Eagleheart: “Gabey, Calvin and Stu”

My all-time favorite bit from when Conan was the host of Late Night was the Walker Texas Ranger lever. It never failed to earn a laugh from me, and Conan’s sheer glee at getting to use ridiculous clips completely out of context was always a delight. Conan’s production company Conaco produces Eagleheart, and it’s the first show other than O’Brien’s talk shows to last longer than one season. Adult Swim has done well with the 15-minute format, including medical soap spoof Children’s Hospital and action/procedural NTSF:SD:SUV::. The former has built a world that can include wild details such as clowns as a race and a Party Down reunion, while the latter still seems like an extended spoof.

Eagleheart lands somewhere in the middle of those other two, spinning each episode out from a familiar cop premise in outlandish directions. Almost every episode takes a cop show cliché and twists it, by making Chris Elliott’s Monsanto obliviously violent, Maria Thayer’s Susie overeager to the point of ridicule, or Brett Gelman’s Brett a complete and utter fool. The heart-wrenching cop origin story is the impetus for the season premiere. Monsanto wants to avenge his son, and Susie her college boyfriend, while Brett was only trying to get king crab legs from his favorite waiter. In the first metaphysical twist, Monsanto’s son comes back as a ghost to remind the retiring marshal that he still hasn’t solved his murder—or made enough routine drug busts. When the ghost struggles with a locked door, the whole history starts to unravel.

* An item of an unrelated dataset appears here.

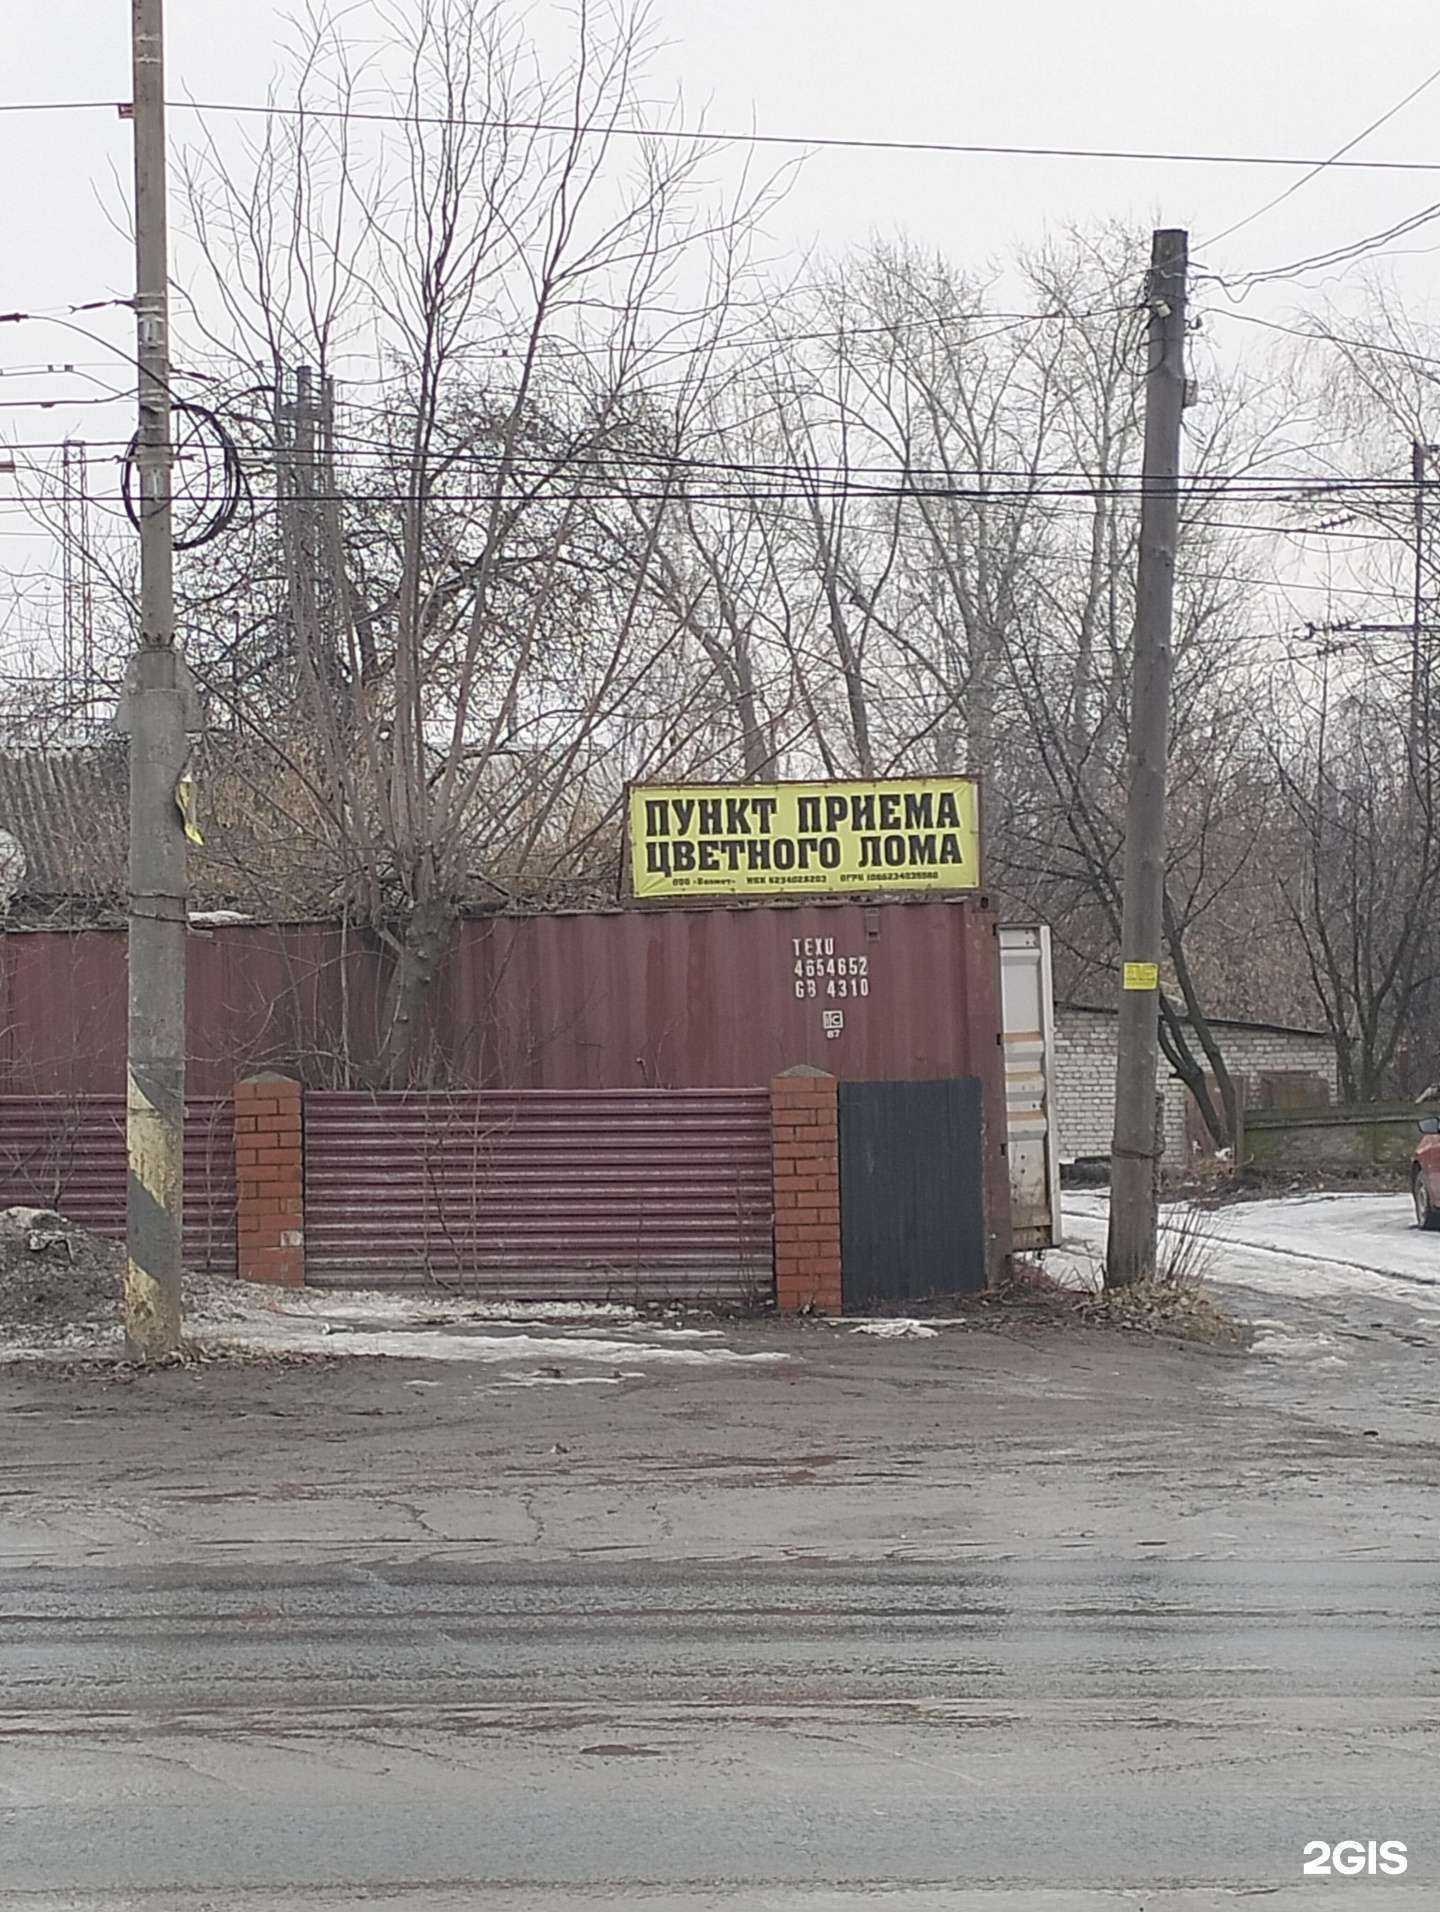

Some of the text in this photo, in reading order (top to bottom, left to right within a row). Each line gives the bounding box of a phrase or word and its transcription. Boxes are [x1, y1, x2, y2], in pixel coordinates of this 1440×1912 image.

Monsanto’s son is actually an older man, played by Steven Anthony Lawrence—better known to me as Beans from Disney Channel show Even Stevens. His manipulation of each member of Monsanto’s team, and his actual origin, are the first steps away from winking Walker spoof, with gratuitous blood spurts and celebrations of a 972nd bloodbath, and into a more metaphysical direction.

Eagleheart does a great job of riffing on cop shows like Walker, but the moment that takes it from reliably funny spoof to an even more entertaining and surreal level is the moment in the cake shop. The suggestion that Monsanto’s bloodbaths are predestined, and those brutal killings are already mapped out is a total mindfuck, but all Brett cares about is paying full price for stale cakes. These bizarre moments don’t carry over into other episodes of the show, so Brett getting careless with one of the cake versions of himself may sever one of his legs here, and the Chief may be a ghost, but I wouldn’t be surprised if Michael Gladis showed up later in the season in such a way that became a recurring joke.

I like pretty much everything about Eagleheart, and it looks like everything from the first season is only going to get more expansive and weird. The series makes fun of a type of police show that I’ve always found ridiculous, and Elliott, Gelman, and Gladis give great comedic performances, especially Gladis’ Orson Welles impression as the Chief. There isn’t as much of a focus on world building as in Children’s Hospital, but it’s a consistently funny quarter-hour, another solid piece of the Adult Swim lineup.

Stray observations:

  • The shotgun-in-the-sandwich trick—one of the oldest in the book; can’t believe that guy fell for it. Also great is the gunshot effect that comes out of the Chief’s megaphone after Monsanto shoots the perp in the mouth.
  • I’ve seen the first few episodes of this season on screener, so I’ll be able to put reviews up right after the episodes air for the next few weeks, but during the rest of the season, reviews will go up a bit later in the night.